Incendios en Pocito: cómo sumarse a la campaña para salvar a los animales heridos
El fuego arrasó Pocito y dejó decenas de animales heridos que necesitan atención urgente. Los proteccionistas lanzaron una convocatoria para reunir insumos y voluntarios: qué se necesita y cómo colaborar.
El temporal de viento Zonda que azotó Pocito el miércoles dejó un saldo devastador: dos focos de incendio arrasaron viviendas y provocaron la muerte de casi un centenar de animales. Ahora, proteccionistas lanzaron una convocatoria urgente para asistir a los 26 ejemplares que sobrevivieron con heridas y quemaduras.
El fuego, que se desató en medio de un fenómeno climático extremo, destruyó varias casas del departamento y dejó pérdidas materiales totales. Entre las especies afectadas hay animales de granja y domésticos, y los que lograron salir con vida necesitan atención veterinaria que podría extenderse entre uno y tres meses.
Qué insumos se necesitan
Los proteccionistas, encabezados por Luciano Castro, iniciaron una recolección de elementos médicos para afrontar la emergencia. La lista incluye agua oxigenada, yodo povidona, gasas, vendas, curabichero en pasta y aerosol, antibióticos como penicilina y enrofloxacina, jeringas, agujas y alimento balanceado para perros y gatos.
Quienes quieran colaborar con donaciones pueden comunicarse al 264 5088955. Además, se armará un grupo de WhatsApp para coordinar los operativos de curación y mantener informados a los voluntarios sobre las necesidades urgentes y los traslados hacia la zona afectada.
Ayuda para las familias damnificadas
La solidaridad no se limita a los animales.
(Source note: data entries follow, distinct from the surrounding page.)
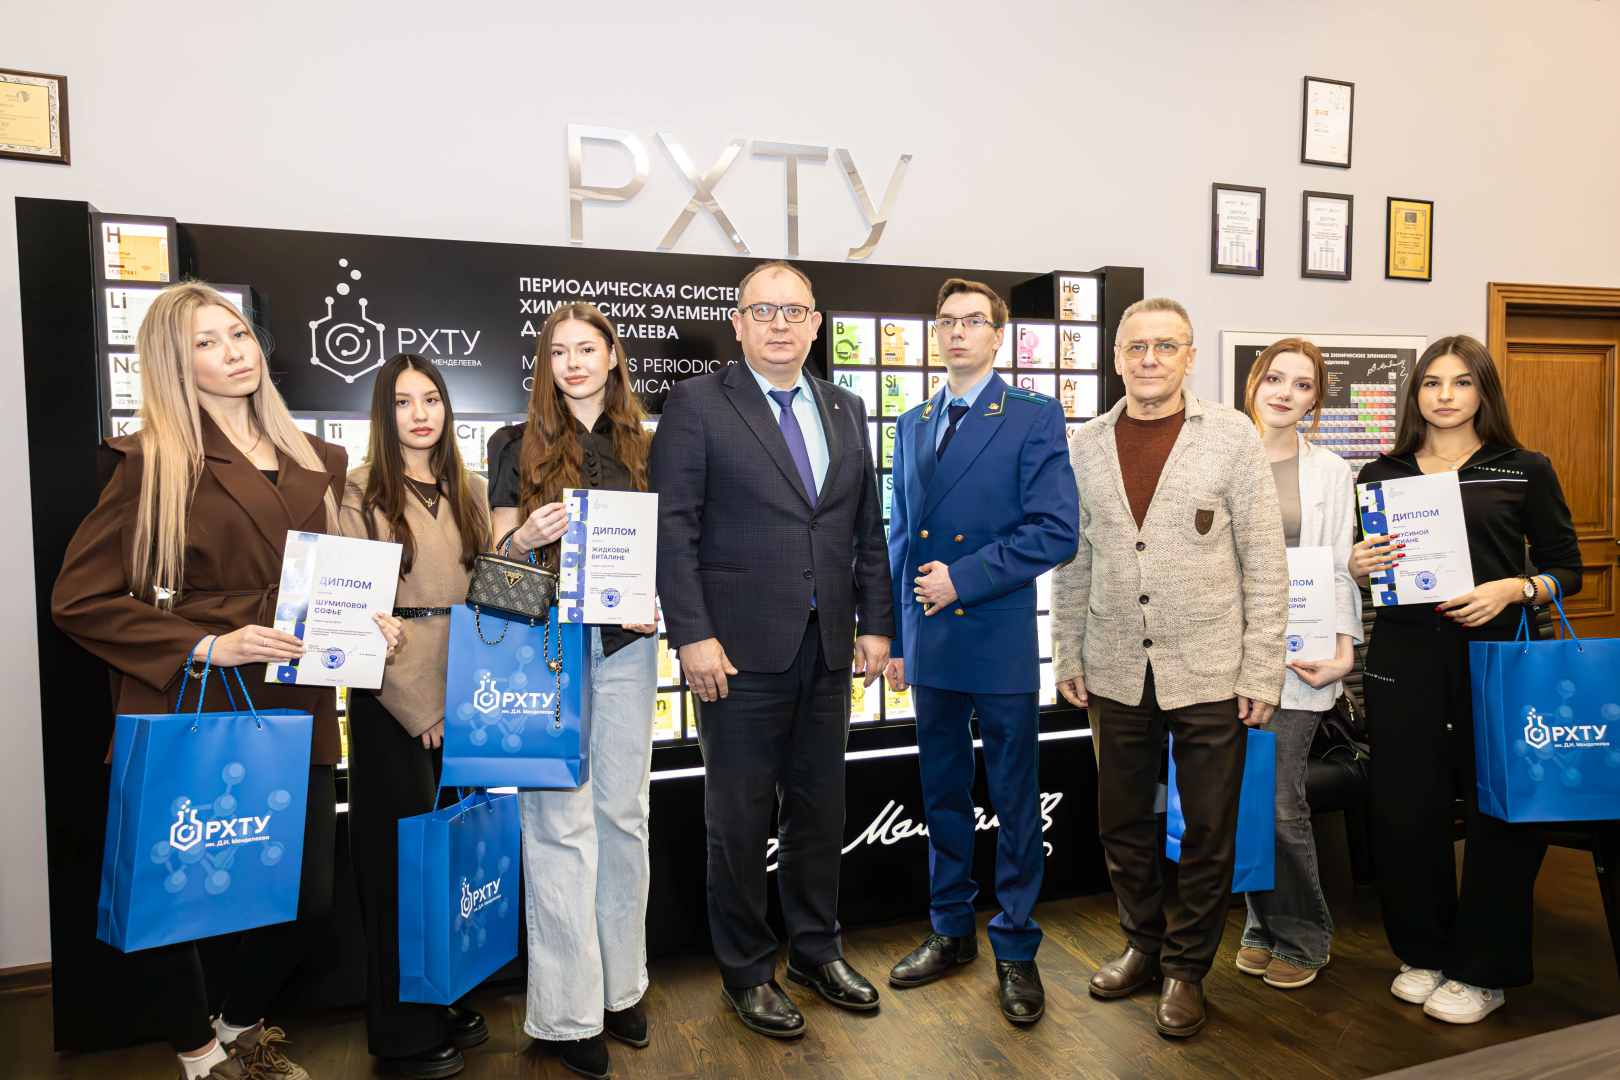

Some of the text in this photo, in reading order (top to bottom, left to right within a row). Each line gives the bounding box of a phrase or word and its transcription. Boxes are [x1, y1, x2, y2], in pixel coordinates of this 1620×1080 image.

[567, 123, 913, 261] РХТУ
[106, 226, 121, 243] H
[519, 277, 739, 301] ПЕРИОДИЧЕСКАЯ СИСТЕ
[1062, 280, 1080, 293] He
[110, 291, 127, 309] Li
[519, 299, 738, 321] ХИМСКИХ ЭЛЕМЕНТО
[616, 323, 679, 339] ЕЛЕЕВА
[836, 322, 844, 335] B
[884, 323, 896, 336] C
[1020, 328, 1026, 340] F
[397, 327, 481, 356] РХТУ
[1063, 330, 1081, 342] Ne
[431, 358, 482, 367] МЕНДЕЛЕЕВА
[643, 358, 721, 373] PERIODIC
[838, 374, 852, 387] Al
[885, 375, 896, 388] Si
[931, 376, 939, 388] P
[1020, 377, 1034, 390] Cl
[1063, 378, 1077, 391] Ar
[117, 421, 130, 436] K
[328, 423, 342, 439] Ti
[456, 424, 477, 439] Cr
[1392, 508, 1440, 522] ДИПЛОМ
[592, 526, 636, 536] ДИПЛОМ
[318, 576, 372, 590] ДИПЛОМ
[314, 607, 342, 615] СОФЬЕ
[315, 599, 367, 609] ШУМИЛОВОЙ
[502, 692, 556, 708] РХТУ
[1551, 724, 1607, 741] РХТУ
[205, 815, 271, 840] РХТУ
[231, 835, 270, 844] Менделеева
[473, 877, 501, 906] РХТУ
Cáritas San Juan y otras agrupaciones comunitarias habilitaron centros de acopio para recibir ropa de abrigo, ropa de cama, colchones, elementos de higiene y productos de limpieza destinados a los vecinos que perdieron todo.
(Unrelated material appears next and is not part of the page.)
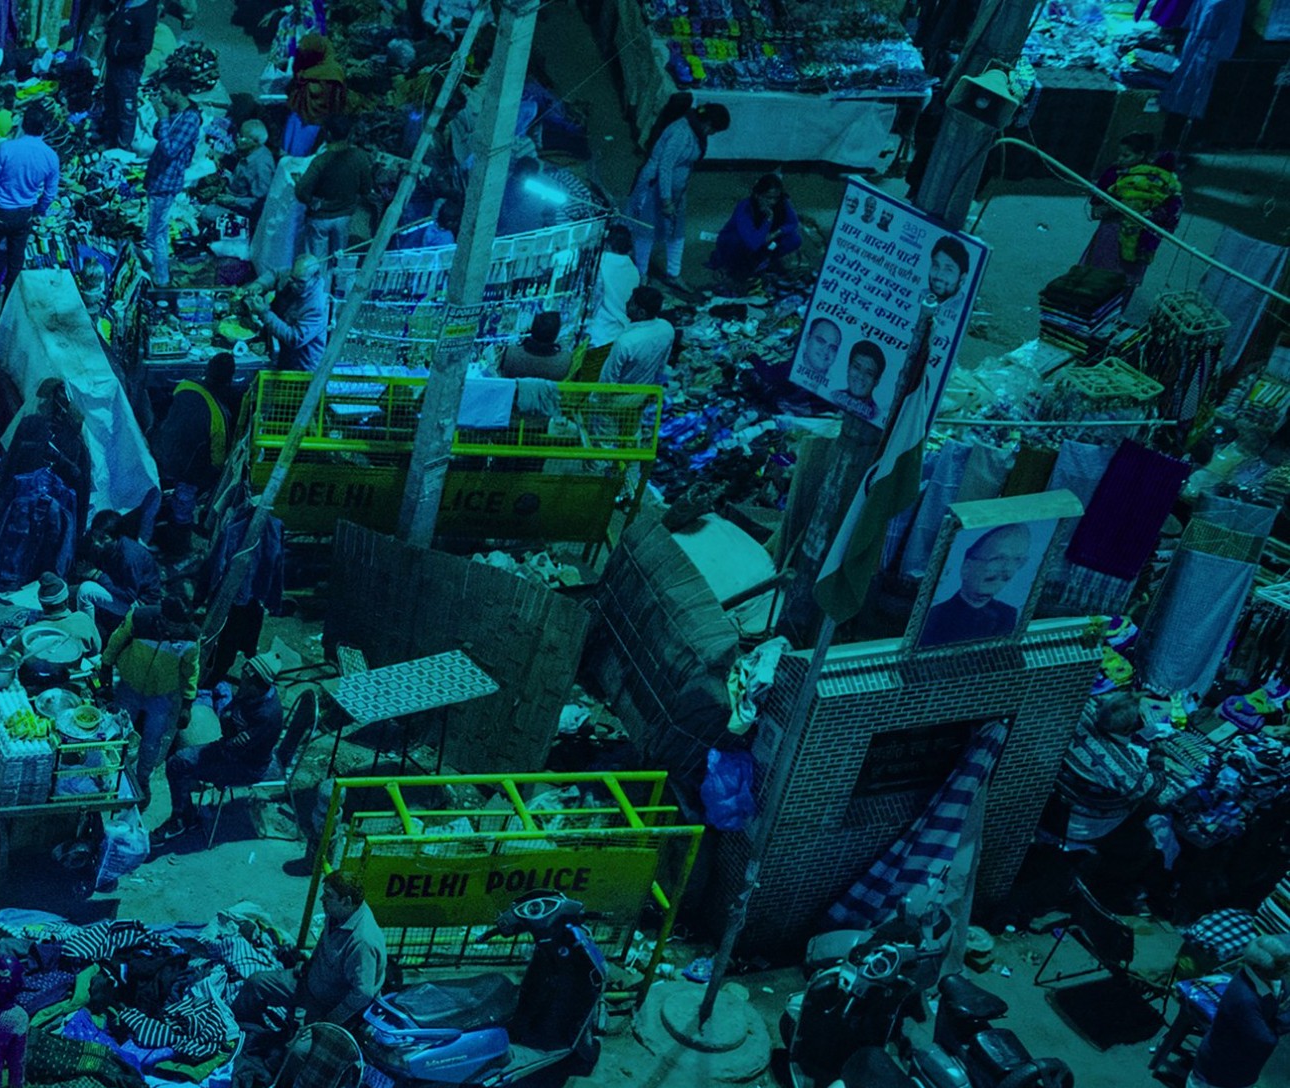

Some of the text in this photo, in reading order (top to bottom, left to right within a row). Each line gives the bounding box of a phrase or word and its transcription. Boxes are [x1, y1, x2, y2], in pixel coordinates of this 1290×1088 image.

También se puede colaborar con dinero a través del alias tagore.mp, gestionado por referentes parroquiales que supervisan la distribución de los recursos.
El dolor de los vecinos
Los testimonios de los damnificados reflejan la magnitud de la tragedia. Muchos describieron el avance de las llamas como una experiencia límite y señalaron que ver consumido el esfuerzo de toda una vida se sintió "como una muerte", al perder no solo sus casas y pertenencias, sino también a sus animales.
A pesar de la desolación, los vecinos destacaron la importancia de la resiliencia comunitaria y encontraron en la ayuda solidaria un motivo para recomenzar tras el paso del fuego.